[Supplied material — start]
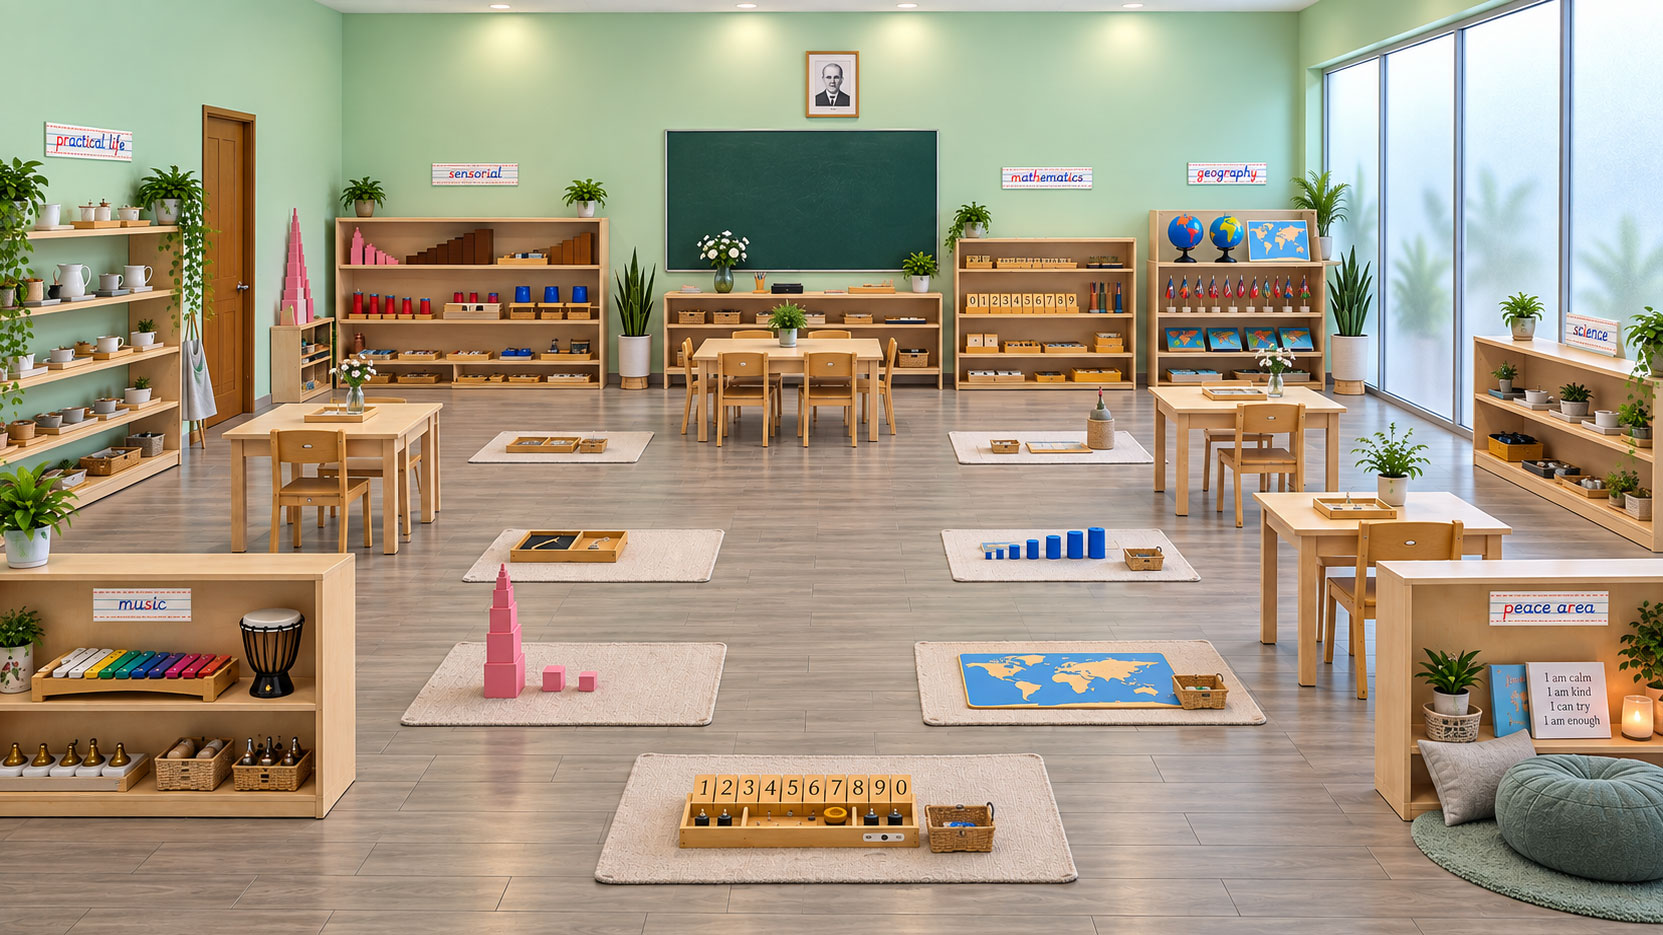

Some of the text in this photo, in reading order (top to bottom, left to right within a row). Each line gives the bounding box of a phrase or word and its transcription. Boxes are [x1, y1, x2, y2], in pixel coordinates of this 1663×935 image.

[56, 133, 125, 156] practical life
[448, 166, 503, 179] sensorial
[1011, 169, 1083, 182] mathematics
[1197, 165, 1257, 183] geography
[969, 296, 1075, 305] 0 1 2 3 4 5 6 7 8 9
[1572, 323, 1608, 342] science
[118, 596, 167, 611] music
[1503, 603, 1595, 621] peace area
[1544, 672, 1592, 683] I am calm
[1547, 686, 1592, 697] I am kind
[1550, 701, 1590, 714] I can try
[1544, 715, 1601, 729] I am enough
[700, 779, 907, 796] 1 2 3 4 5 6 7 8 9 0
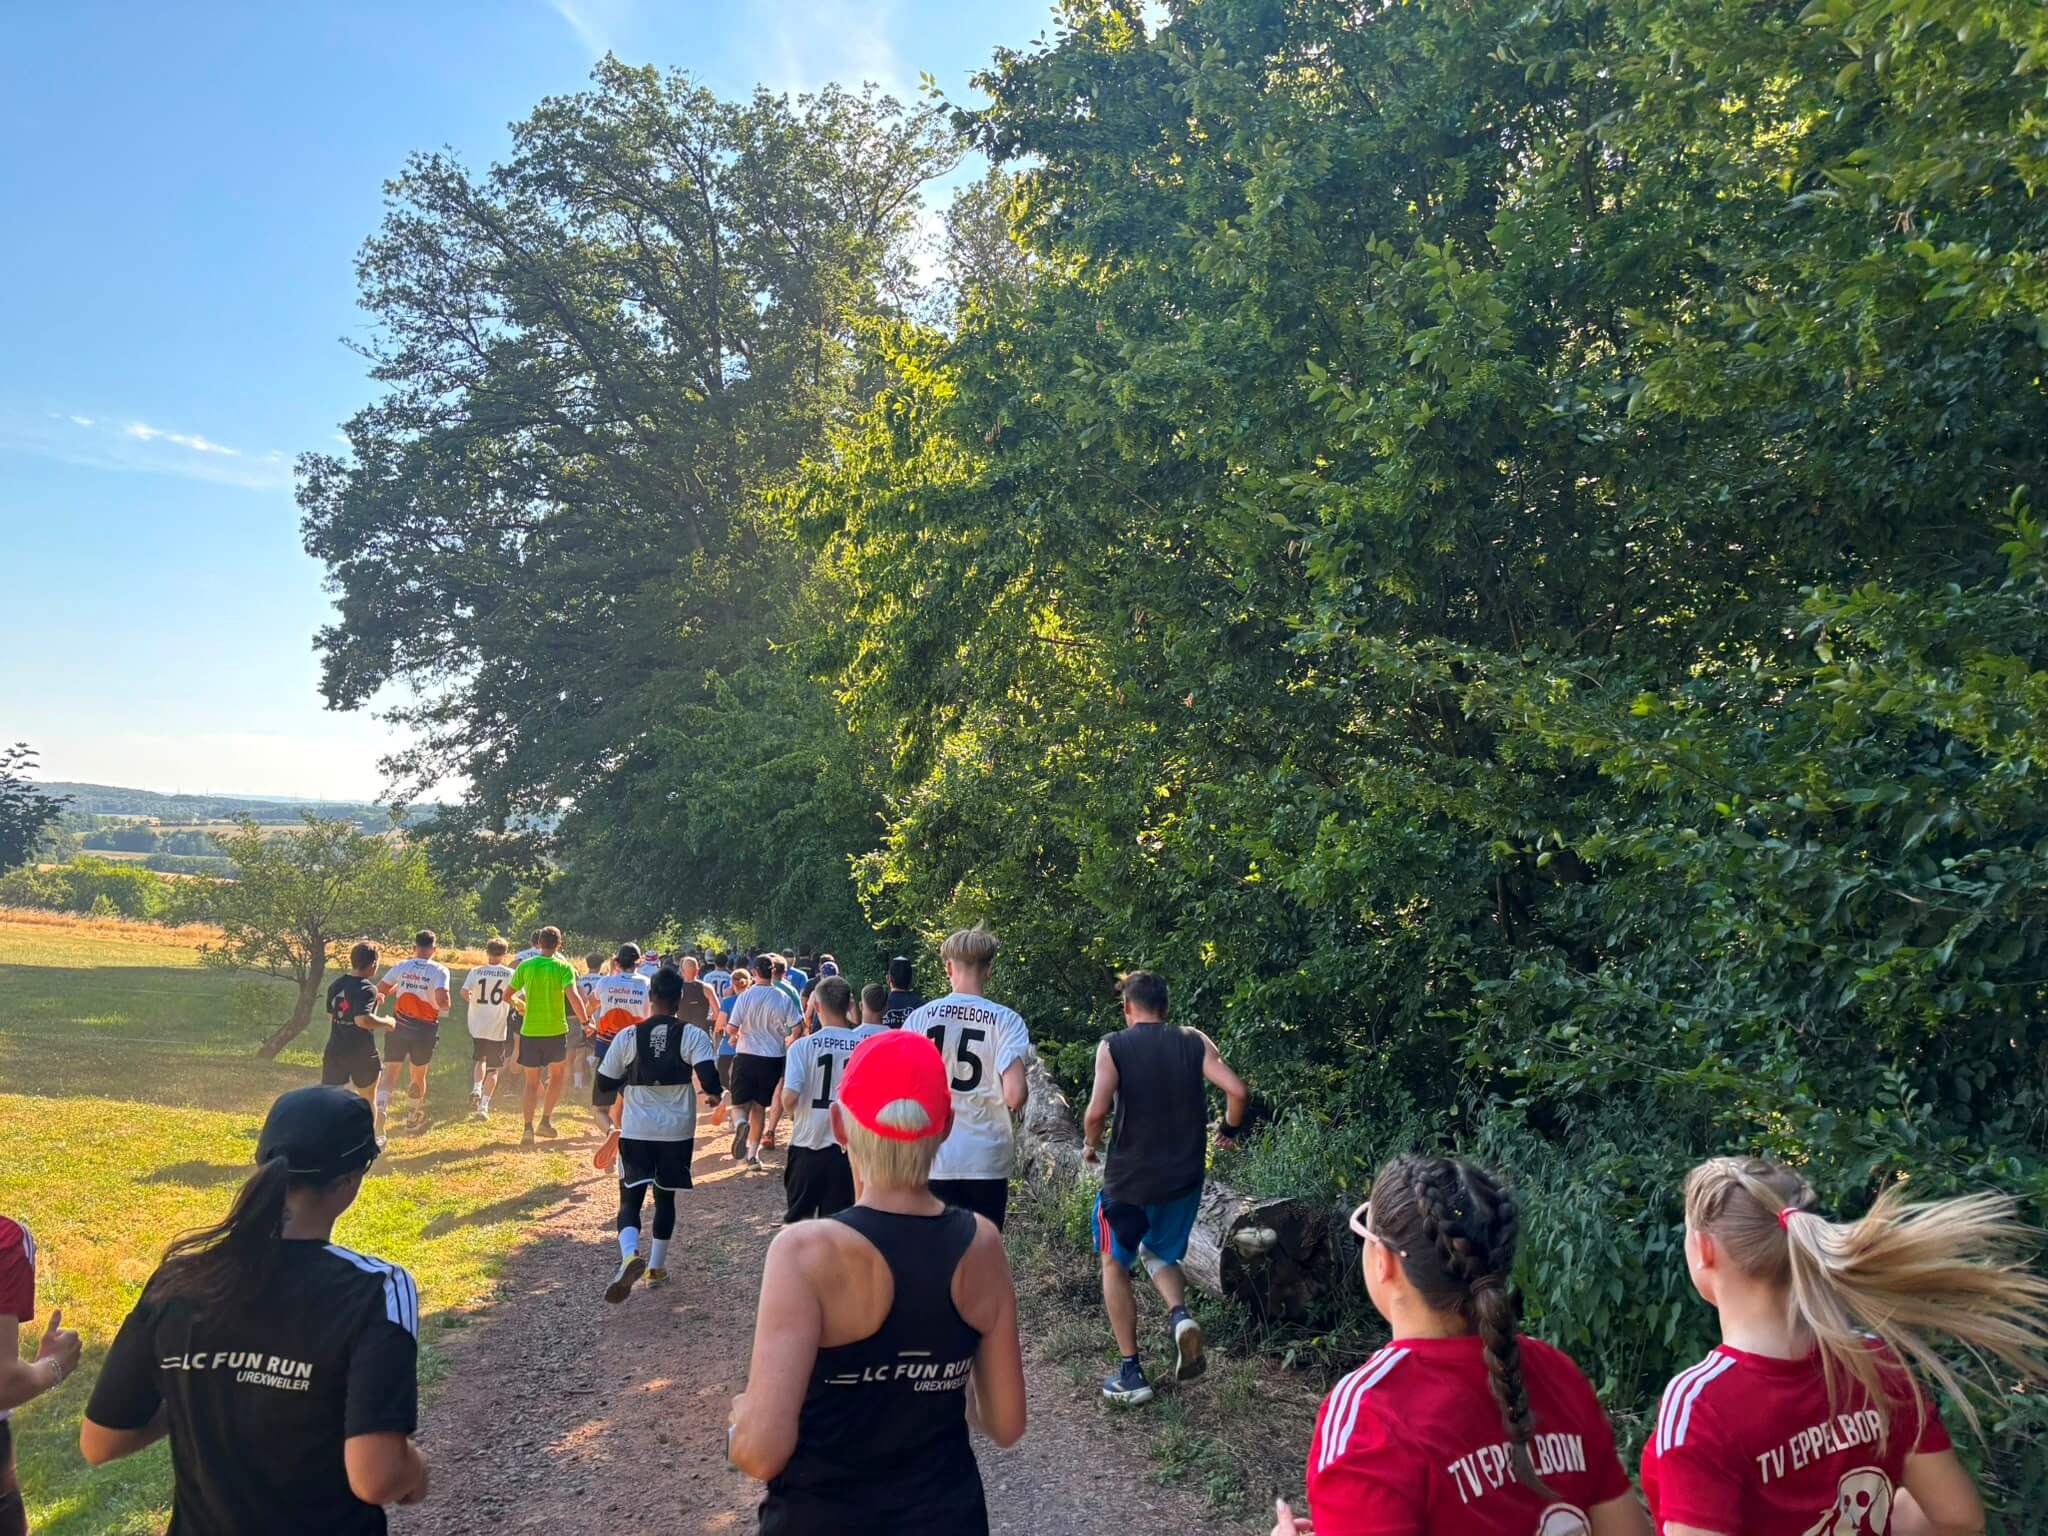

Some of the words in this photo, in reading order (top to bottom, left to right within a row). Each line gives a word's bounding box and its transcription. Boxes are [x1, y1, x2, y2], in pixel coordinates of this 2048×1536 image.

[477, 978, 503, 1005] 16
[608, 986, 631, 994] Cache
[939, 1005, 998, 1026] EPPELBORN
[926, 1024, 986, 1093] 15
[812, 1053, 850, 1109] 1
[182, 1353, 207, 1370] LC
[211, 1352, 263, 1369] FUN
[266, 1356, 313, 1378] RUN
[862, 1366, 889, 1382] LC
[894, 1364, 938, 1380] FUN
[236, 1371, 310, 1391] UREXWEILER
[1755, 1444, 1785, 1484] TV
[1788, 1409, 1883, 1471] EPPELBOR
[1447, 1453, 1483, 1504] TV
[Supplied material — finish]
*What is required*. Each line of the data above needs to be retyped as it is, without any picture.

*Result of the task*.
Some of the text in this photo, in reading order (top to bottom, left to right within a row). Each line gives the bounding box of a phrase or word and its transcription. Boxes are [x1, y1, x2, y2], in pixel coordinates of this 1663×935 image.

[56, 133, 125, 156] practical life
[448, 166, 503, 179] sensorial
[1011, 169, 1083, 182] mathematics
[1197, 165, 1257, 183] geography
[969, 296, 1075, 305] 0 1 2 3 4 5 6 7 8 9
[1572, 323, 1608, 342] science
[118, 596, 167, 611] music
[1503, 603, 1595, 621] peace area
[1544, 672, 1592, 683] I am calm
[1547, 686, 1592, 697] I am kind
[1550, 701, 1590, 714] I can try
[1544, 715, 1601, 729] I am enough
[700, 779, 907, 796] 1 2 3 4 5 6 7 8 9 0

Some of the words in this photo, in reading order (top to bottom, left to right within a row). Each line gives a word's bounding box and its transcription. Boxes are [x1, y1, x2, y2], in pixel coordinates of this 2048×1536 image.

[477, 978, 503, 1005] 16
[608, 986, 631, 994] Cache
[939, 1005, 998, 1026] EPPELBORN
[926, 1024, 986, 1093] 15
[812, 1053, 850, 1109] 1
[182, 1353, 207, 1370] LC
[211, 1352, 263, 1369] FUN
[266, 1356, 313, 1378] RUN
[862, 1366, 889, 1382] LC
[894, 1364, 938, 1380] FUN
[236, 1371, 310, 1391] UREXWEILER
[1755, 1444, 1785, 1484] TV
[1788, 1409, 1883, 1471] EPPELBOR
[1447, 1453, 1483, 1504] TV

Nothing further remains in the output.